Prompt: Return all of the entries word for word, but omit the pictures they contain.

[[ Exercise material open ]]

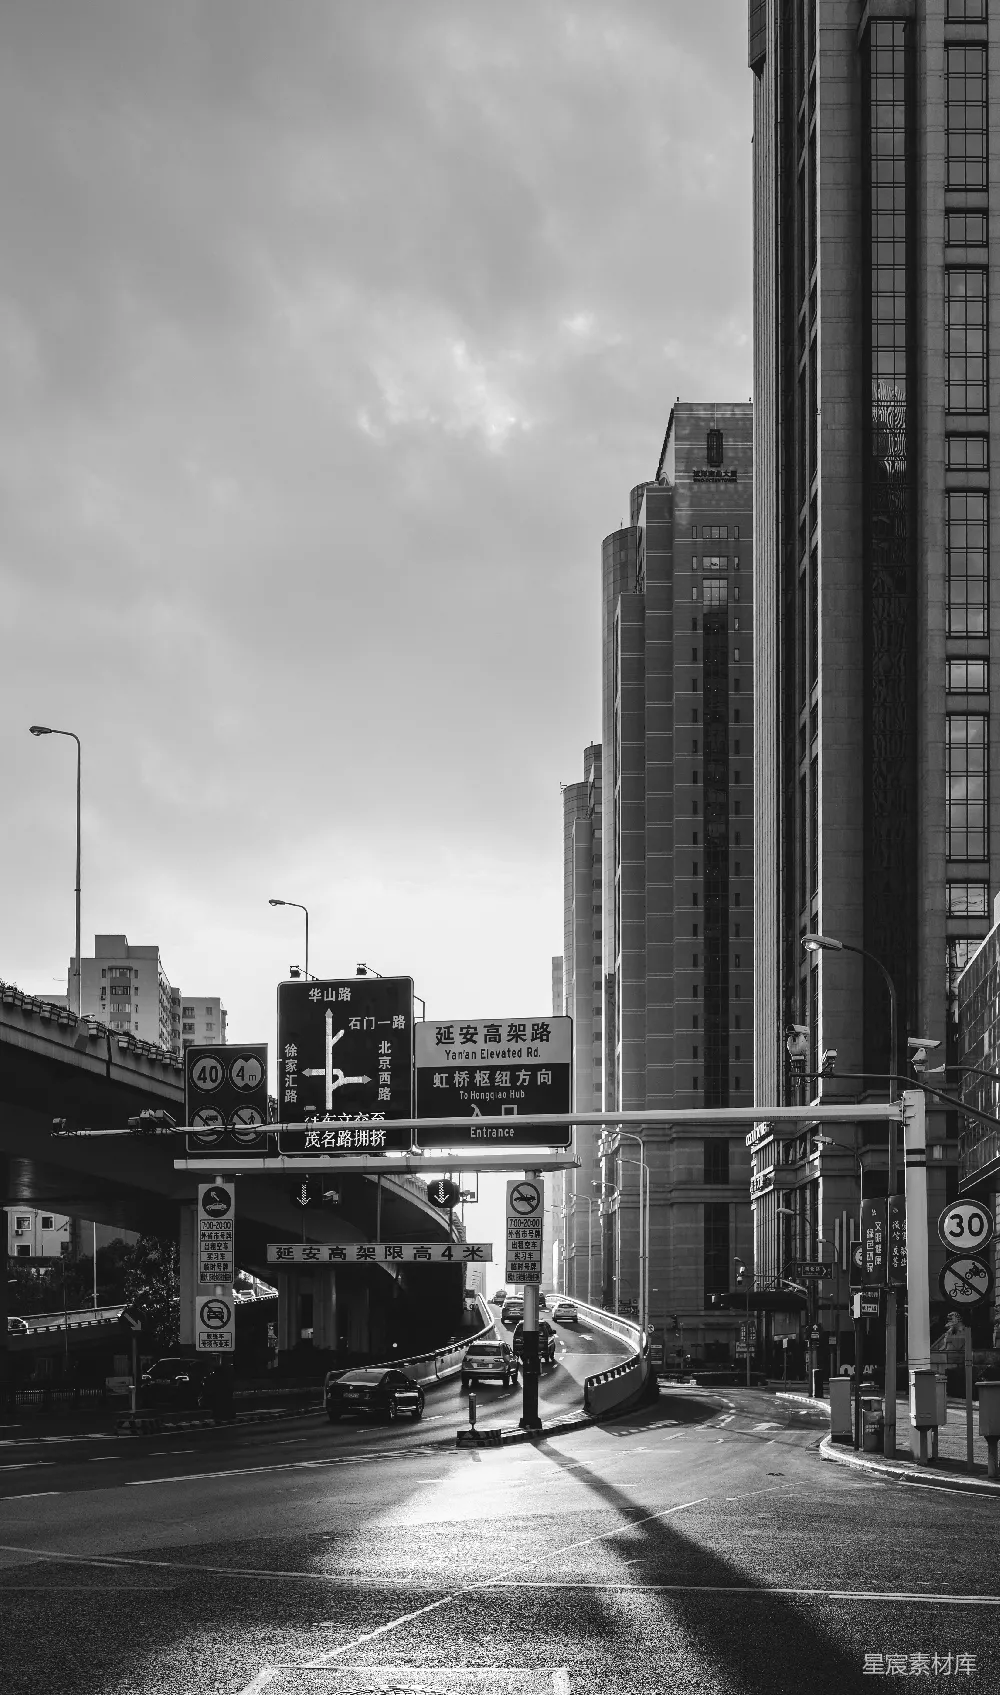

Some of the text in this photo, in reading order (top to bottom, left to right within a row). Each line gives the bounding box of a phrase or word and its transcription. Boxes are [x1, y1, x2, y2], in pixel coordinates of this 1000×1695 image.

[308, 986, 352, 1003] 华山路
[348, 1014, 406, 1030] 石门一路
[435, 1021, 551, 1046] 延安高架路
[444, 1046, 541, 1061] Yan'an Elevated Rd.
[197, 1065, 219, 1084] 40
[284, 1043, 298, 1103] 徐家汇路
[377, 1040, 392, 1101] 北京西路
[433, 1069, 552, 1089] 虹桥枢纽方向
[460, 1090, 469, 1100] To
[510, 1089, 525, 1099] Hub
[304, 1129, 388, 1149] 茂名路拥挤
[470, 1126, 515, 1139] Entrance
[948, 1212, 985, 1238] 30
[275, 1245, 484, 1262] 延安高架限高4米
[511, 1240, 538, 1250] 出租空车
[514, 1251, 534, 1261] 实习车

[[ Exercise material closed ]]

Answer box:
Some of the text in this photo, in reading order (top to bottom, left to right within a row). Each line gives the bounding box of a phrase or word and its transcription. Boxes are [x1, y1, x2, y2], in pixel coordinates of this 1000×1695 image.

[308, 986, 352, 1003] 华山路
[348, 1014, 406, 1030] 石门一路
[435, 1021, 551, 1046] 延安高架路
[444, 1046, 541, 1061] Yan'an Elevated Rd.
[197, 1065, 219, 1084] 40
[284, 1043, 298, 1103] 徐家汇路
[377, 1040, 392, 1101] 北京西路
[433, 1069, 552, 1089] 虹桥枢纽方向
[460, 1090, 469, 1100] To
[510, 1089, 525, 1099] Hub
[304, 1129, 388, 1149] 茂名路拥挤
[470, 1126, 515, 1139] Entrance
[948, 1212, 985, 1238] 30
[275, 1245, 484, 1262] 延安高架限高4米
[511, 1240, 538, 1250] 出租空车
[514, 1251, 534, 1261] 实习车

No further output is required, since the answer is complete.